Eravamo pronti con un formato che ho presentato al direttore di Rai 1 Stefano Coletta, ahimè proprio il giorno in cui l’Italia è stata “chiusa” per decreto: tre prime serate per presentare le migliori canzoni dei 3000 diplomati del Cet in questi 28 anni, accompagnati da artisti già affermati. I giovani autori italiani hanno raggiunto un livello altissimo, non c’è mai stato un Sanremo con un livello artistico come quest’anno. Abbiamo bisogno di qualità e grandi idee. Io questa scuola l’ho creata per ridare all’Italia la cultura popolare di qualità. È importante perché la gente, anche quella che non ha studiato, impara le parole a memoria. E devono essere belle.
Quali parole userebbe oggi Mogol per descrivere i tempi che stiamo vivendo?
Io sono molto spesso autobiografico, la scelta che ho fatto è di dedicarmi a scrivere la vita, al posto di fare la fiction che piace la gente. Ho preferito scrivere la verità dei fatti perché anche se non ha cultura, la gente ha istinto, i sentimenti sono tutti uguali da milioni di anni. Ho capito che era la scelta giusta perché le persone si identificano. Però il mio suggerimento dipende dalla musica, io creo a partire dalla musica, cerco di capire cosa sta dicendo. Oggi ci vorrebbe una musica bella per ispirarmi.
Lei che è credente, in cosa trova ispirazione in questi giorni così complessi?

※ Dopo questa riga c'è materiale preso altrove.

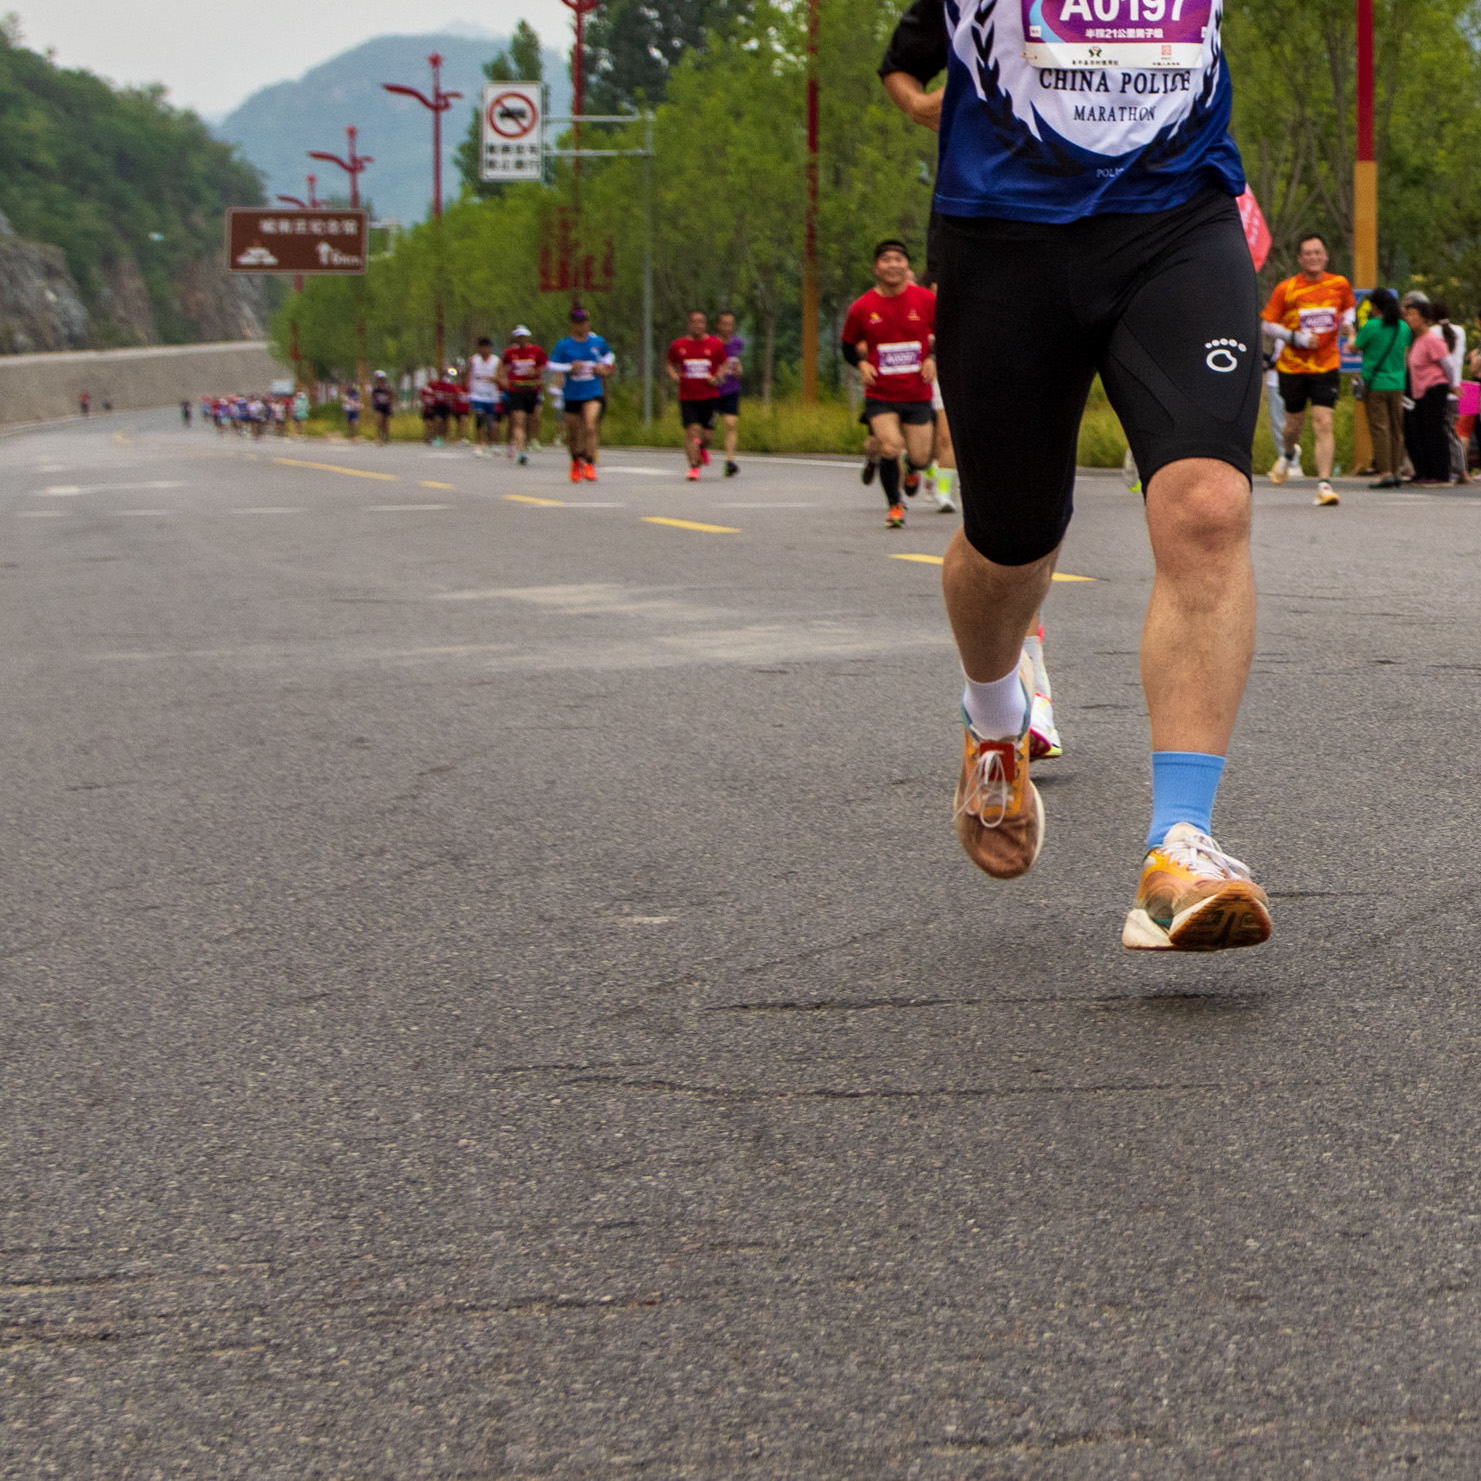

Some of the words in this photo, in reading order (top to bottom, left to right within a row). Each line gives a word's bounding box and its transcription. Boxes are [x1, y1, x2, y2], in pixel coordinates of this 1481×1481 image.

[1039, 69, 1111, 93] CHINA
[1119, 71, 1191, 95] POLICE
[1073, 104, 1158, 122] MARATHON

Il gesto di papa Francesco solo in piazza San Pietro, per esempio, mi ha colpito profondamente. Questo Papa è importantissimo, con la forza della sua semplicità. Io dico mezz’ora di preghiere tutte mattine, mentre mia moglie dice tutte le sere il Rosario ed è sempre attaccata a Tv2000. Mia moglie mi ha riportato vicino alla religione, prega sempre, ha una generosità incredibile. Dicono che sia esagerata, ma, come mi disse un sacerdote una volta, non si è mai esagerati ad essere buoni.
Come ne usciremo da tutto questo?
Dopo aver superato alcuni dolori nella vita, mi sono persuaso che noi abbiamo una logica da umani, mentre la logica divina segue altre strade che noi non conosciamo. Personalmente penso che non si debba fare mai del male a nessuno, capire gli altri e di perdonarli. Per il resta, ci mette una pezza il Signore. Io stesso, non sono convinto di avere scritto da me le mie canzoni: io ho un canale in cui le cose mi arrivano, un canale che no so nemmeno se me lo merito. E lo possono avere tutti coloro agiscono non per denaro ma perché le cose siano positive.